Avec l'industrialisation, plusieurs marchands provenant des régions environnantes s'installent à Québec pour tenter leur chance. L'économie, jadis gérée par des constructeurs de navires et des exportateurs de bois principalement anglophones, passe aux mains des francophones. On peut penser, par exemple, à Isidore Thibaudeau, un grossiste originaire de Portneuf qui fera construire l'entrepôt qui porte son nom sur la rue Dalhousie. Riche homme d'affaires, il contribuera à la fondation de la Banque Nationale avant de se lancer en politique fédérale.
L'émergence d'une nouvelle élite contribue à consolider les institutions canadiennes-françaises. L'Université Laval est créée.
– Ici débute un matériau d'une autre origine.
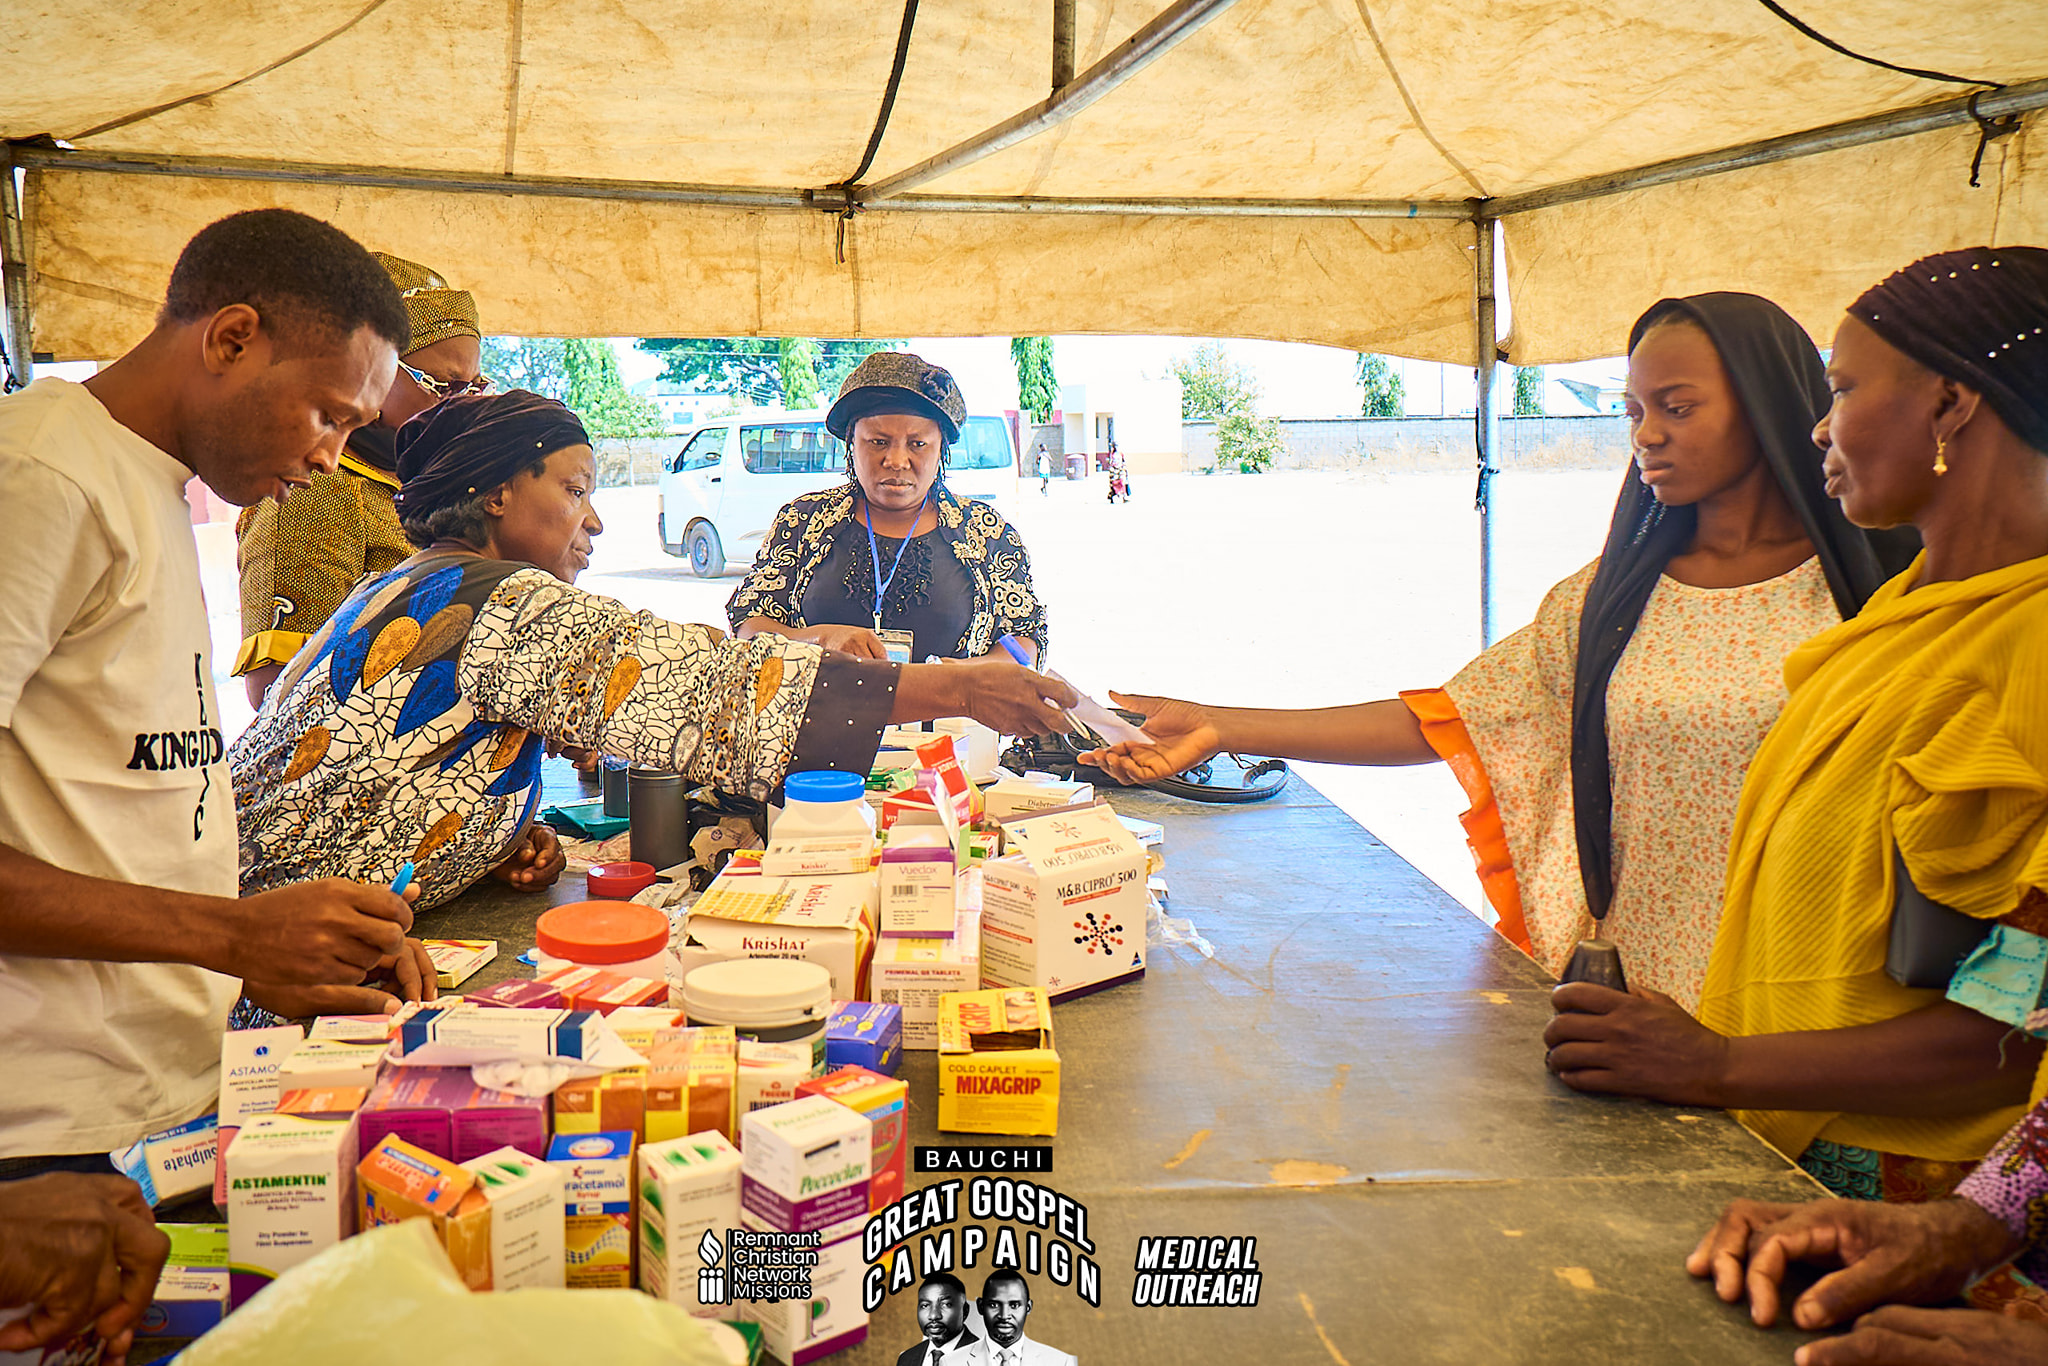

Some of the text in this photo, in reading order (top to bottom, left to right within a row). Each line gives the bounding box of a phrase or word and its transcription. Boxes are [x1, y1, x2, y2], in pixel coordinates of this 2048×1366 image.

[1043, 855, 1066, 868] 500
[1056, 869, 1137, 901] M&B CIPRO 500
[948, 1064, 977, 1073] COLD
[979, 1065, 1017, 1075] CAPLET
[956, 1075, 1042, 1095] MIXAGRIP
[232, 1174, 327, 1190] ASTAMENTIN
[564, 1176, 626, 1191] racetamol
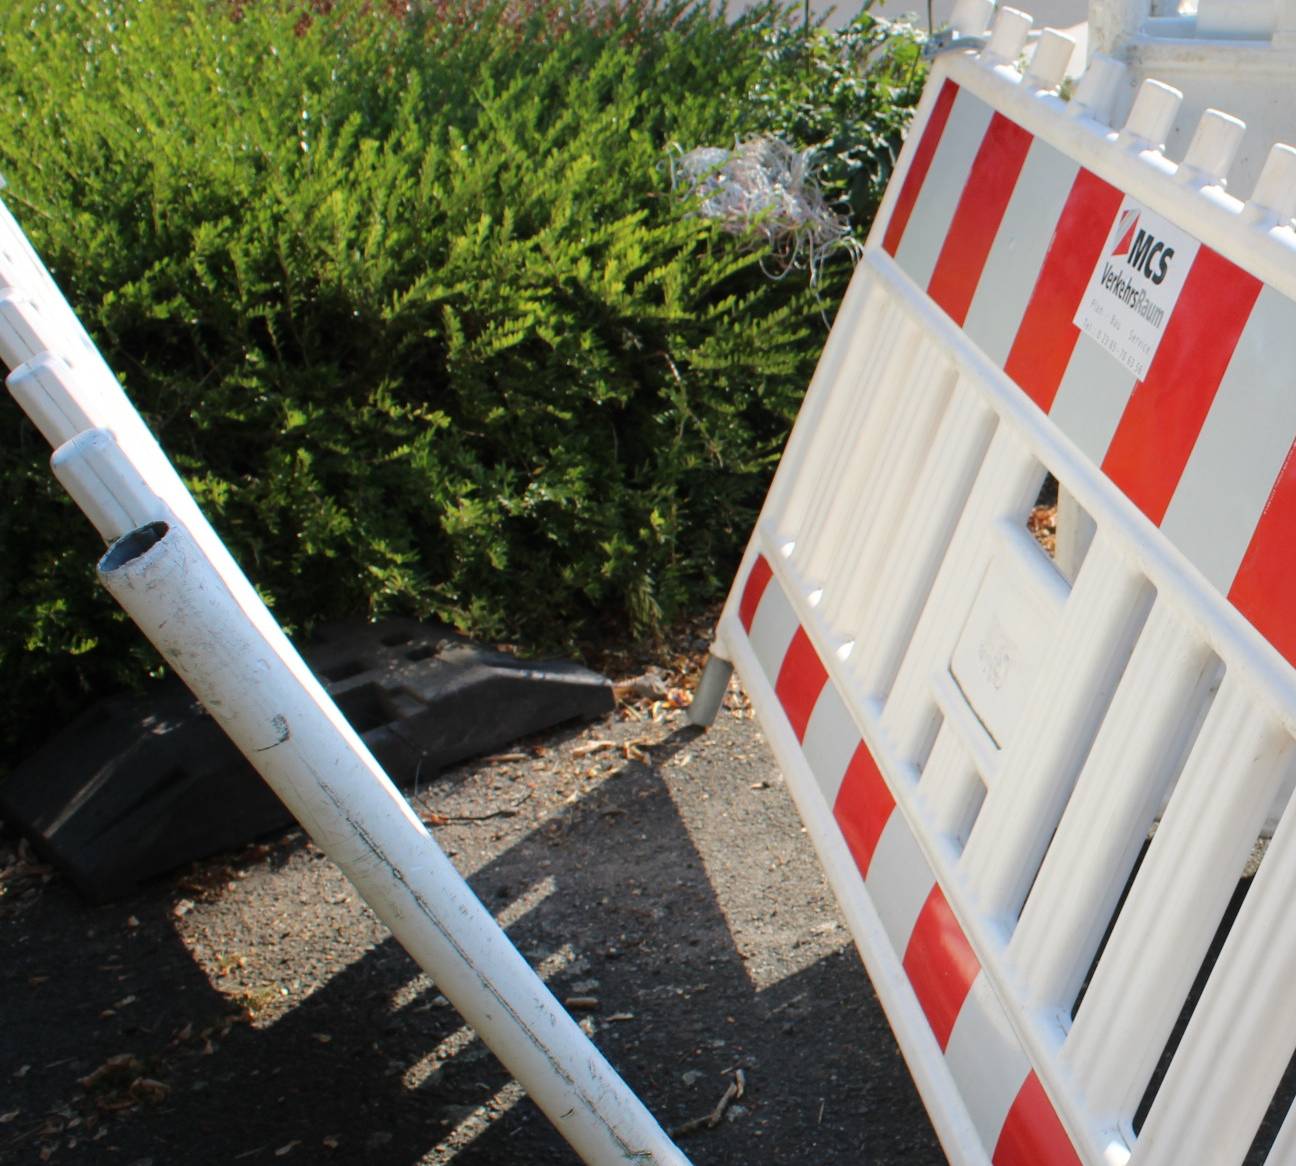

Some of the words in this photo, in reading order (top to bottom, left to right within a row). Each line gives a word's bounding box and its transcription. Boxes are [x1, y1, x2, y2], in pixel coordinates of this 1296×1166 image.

[1127, 228, 1175, 286] MCS
[1100, 262, 1165, 330] VerkehrsRaum
[1128, 329, 1152, 355] Service
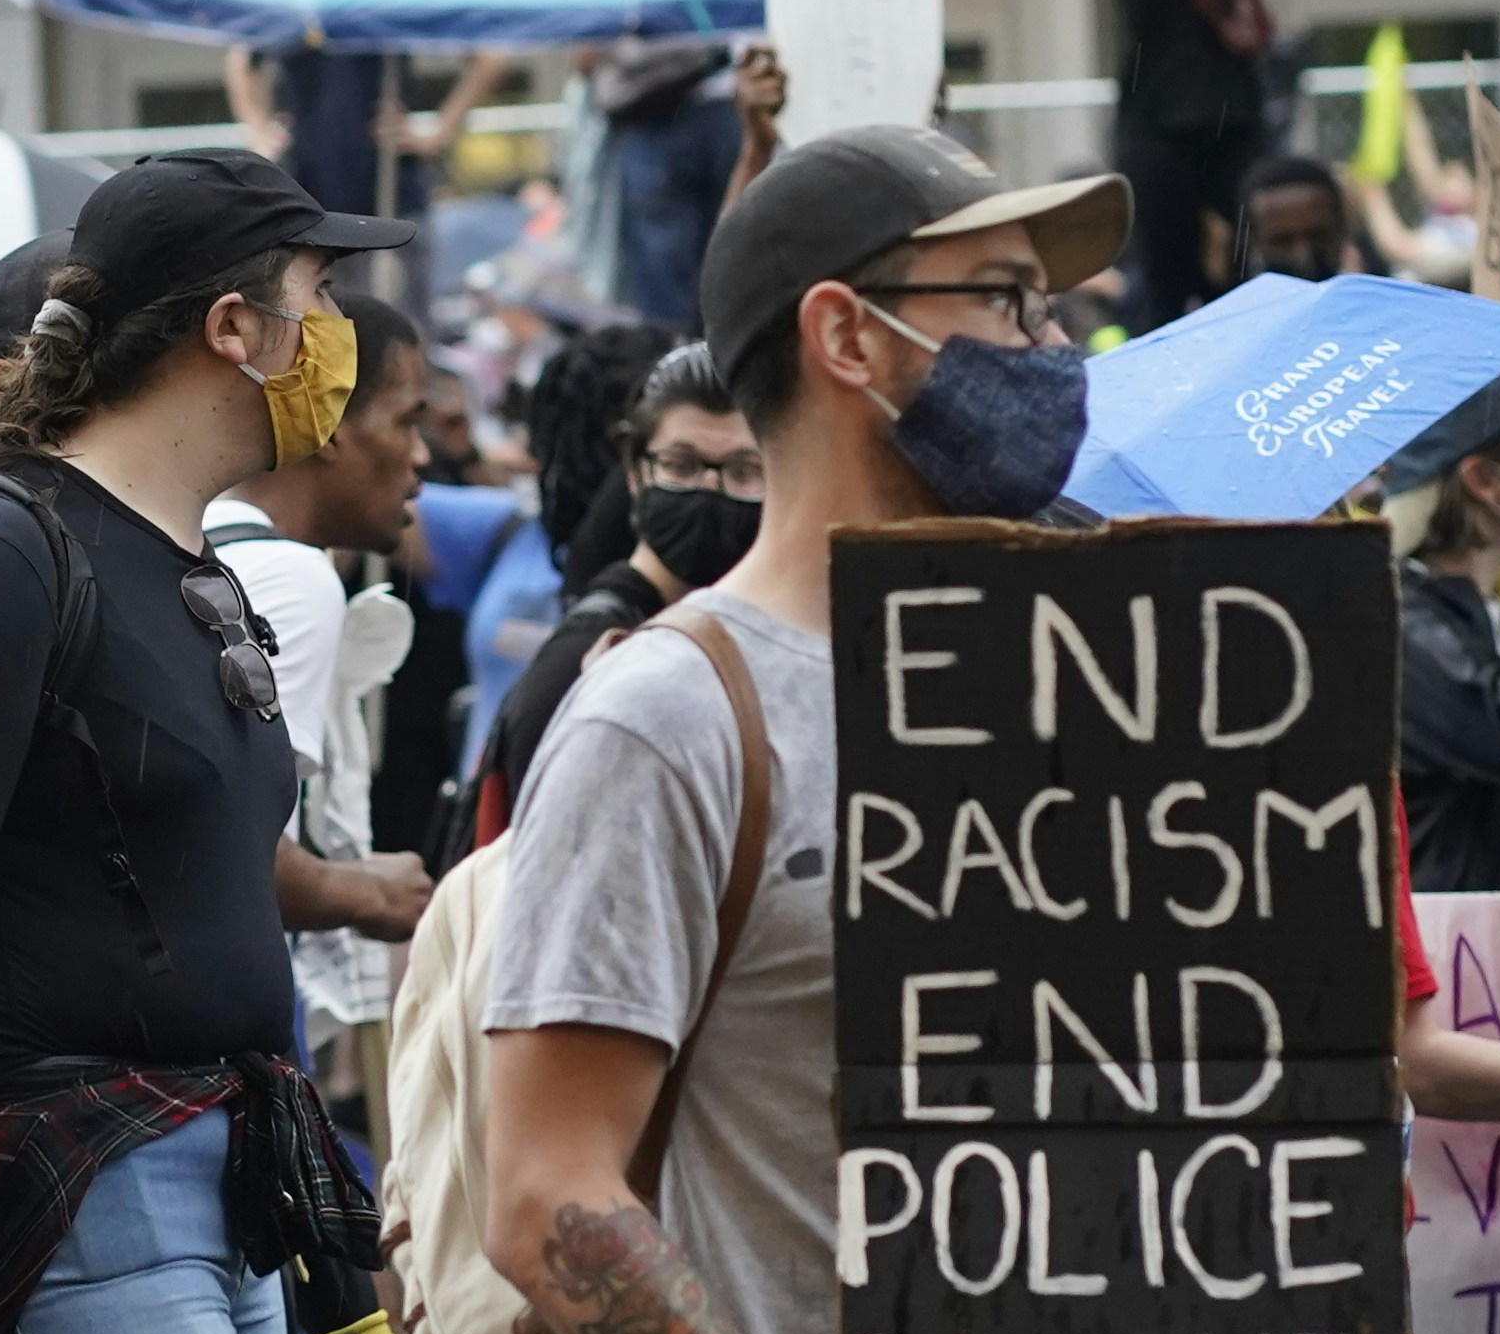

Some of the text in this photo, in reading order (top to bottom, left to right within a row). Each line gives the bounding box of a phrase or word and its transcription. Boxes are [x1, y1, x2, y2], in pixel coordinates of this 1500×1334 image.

[1235, 341, 1341, 423] GRAND
[1248, 338, 1402, 456] EUROPEAN
[1302, 378, 1415, 458] TRAVEL
[885, 585, 1315, 750] END
[846, 779, 1382, 928] RACISM
[902, 966, 1284, 1121] END
[835, 1133, 1367, 1300] POLICE
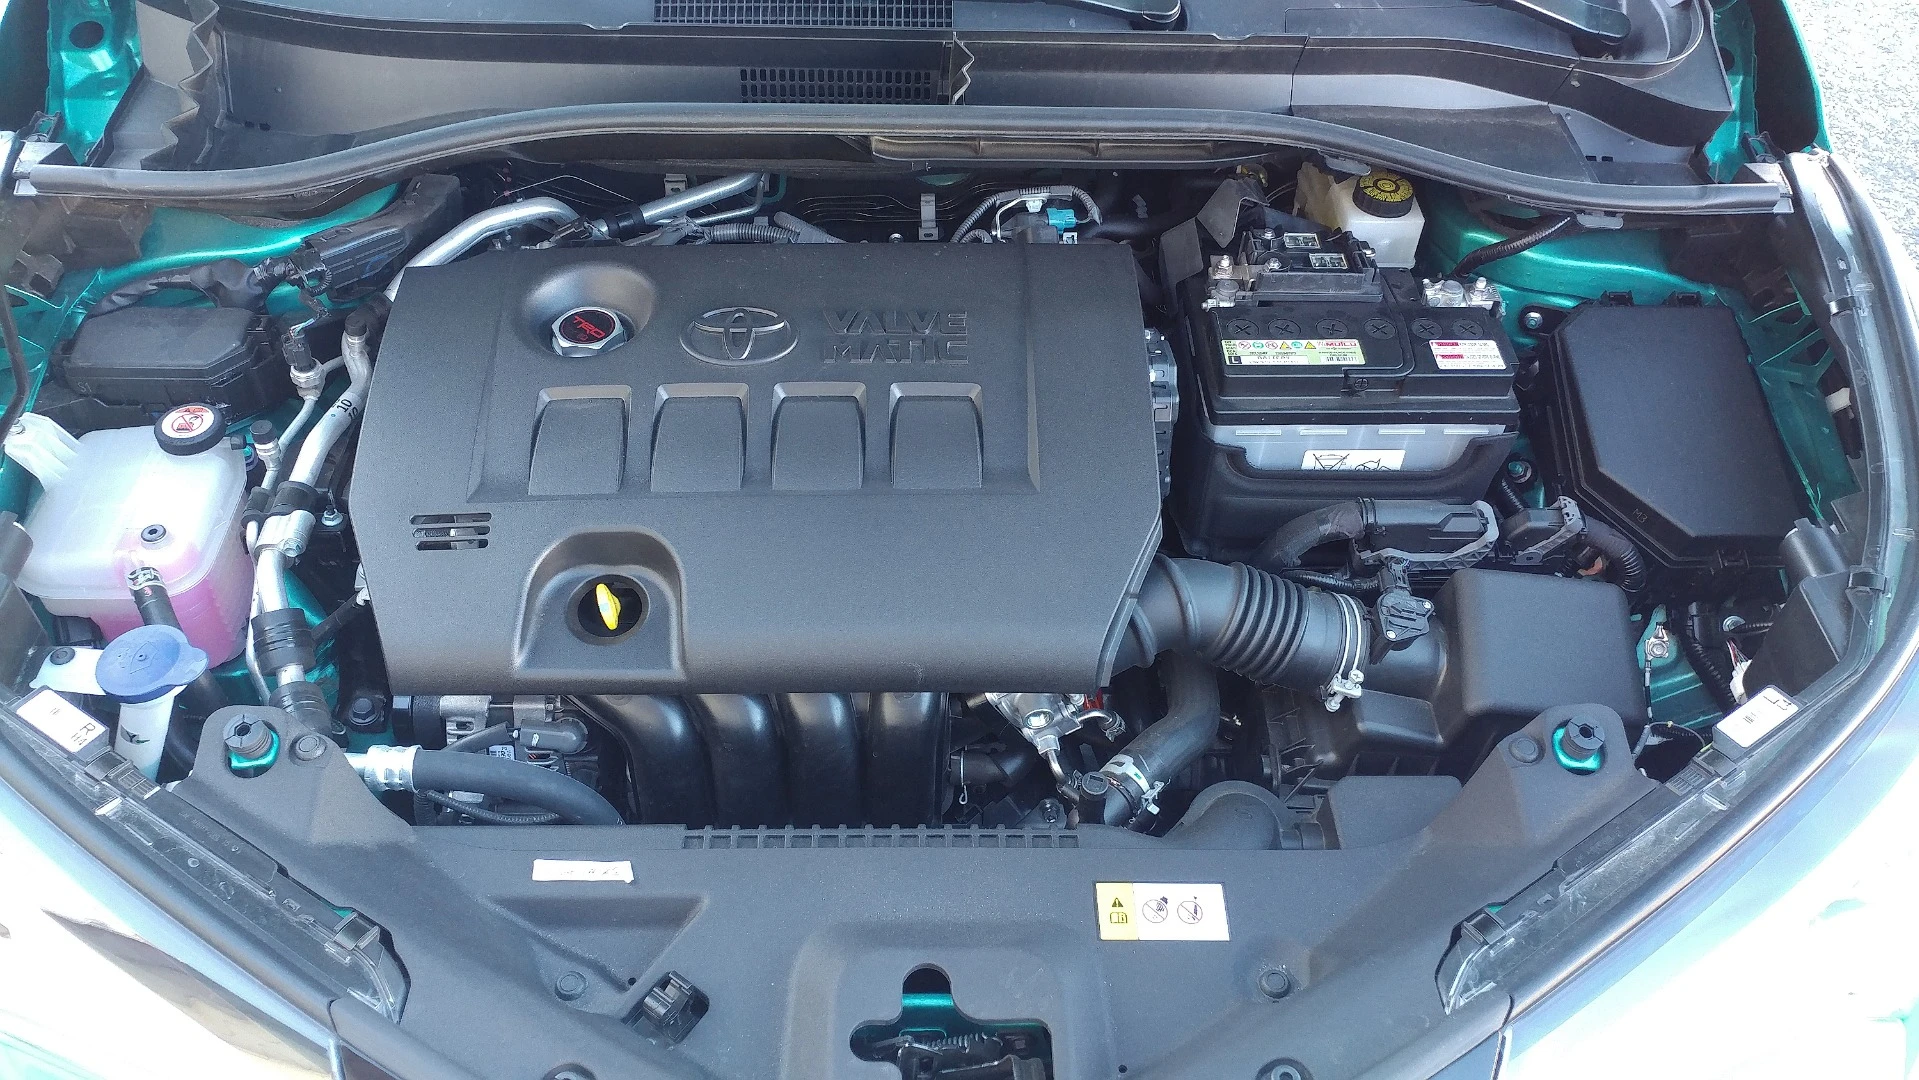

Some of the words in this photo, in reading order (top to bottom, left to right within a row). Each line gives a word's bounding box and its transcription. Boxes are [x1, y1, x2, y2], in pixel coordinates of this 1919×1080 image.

Des lieux de sociabilité comme la Société Saint-Jean-Baptiste, le club de crosse Champlain et la Société Casault prennent forme. L'offre de loisirs destinés à la bourgeoisie franco-catholique augmente considérablement. Le nombre de pièces de théâtre présentées en français double entre les années 1860 et 1870.
Ce contexte favorise la montée d'un sentiment d'appartenance très fort. «On sent une volonté de mettre de l'avant la langue française, de lutter contre les anglicismes et de protéger la religion catholique et le fait français. À cette époque, beaucoup de Canadiens français émigraient aux États-Unis et on s'inquiétait de leur assimilation. Québec deviendra un fer de lance de cette affirmation identitaire qui va se vivre à l'échelle nord-américaine», raconte Alex Tremblay Lamarche.
Encore aujourd'hui, l'architecture de la ville témoigne de ce désir des Canadiens français de reprendre leur place. «Vers la fin du 19e siècle, on veut redonner à Québec une apparence plus francophone, explique l'historien. L'église Saint-Jean-Baptiste en est un bon exemple. Elle a été construite par l'architecte Joseph-Ferdinand Peachy, qui s'est inspiré de la Trinité de Paris. La situation est la même avec le Parlement de Québec, inspiré du Louvre, et l'ancien palais de justice, devenu le ministère des Finances.»
Le retour du fait français a aussi eu des conséquences sur la toponymie des lieux. Le parc Spencer Wood, baptisé ainsi en l'honneur du politicien britannique Spencer Perceval, sera renommé Bois-de-Coulonge en 1950. Le phénomène n'est pas propre à Québec. Plusieurs villes ont changé de nom au cours des 19e et 20e siècles. Entre autres exemples, Fraserville est devenue Rivière-du-Loup et Dorchester, Saint-Jean-sur-Richelieu.
Pendant ce temps, les anglophones de Québec – ceux qui sont restés – se mobilisent pour protéger leur identité culturelle et linguistique. La Literary and Historical Society of Quebec, l'organisme derrière le Morrin Centre, l'hôpital Jeffrey Hale, fondé à l'origine pour la communauté protestante, et le Saint Brigid's Home, un centre d'hébergement pour aînés, sont autant de traces qui subsistent de cette époque et qu'Alex Tremblay Lamarche vous invite à découvrir le 27 mars, à compter de 19h30.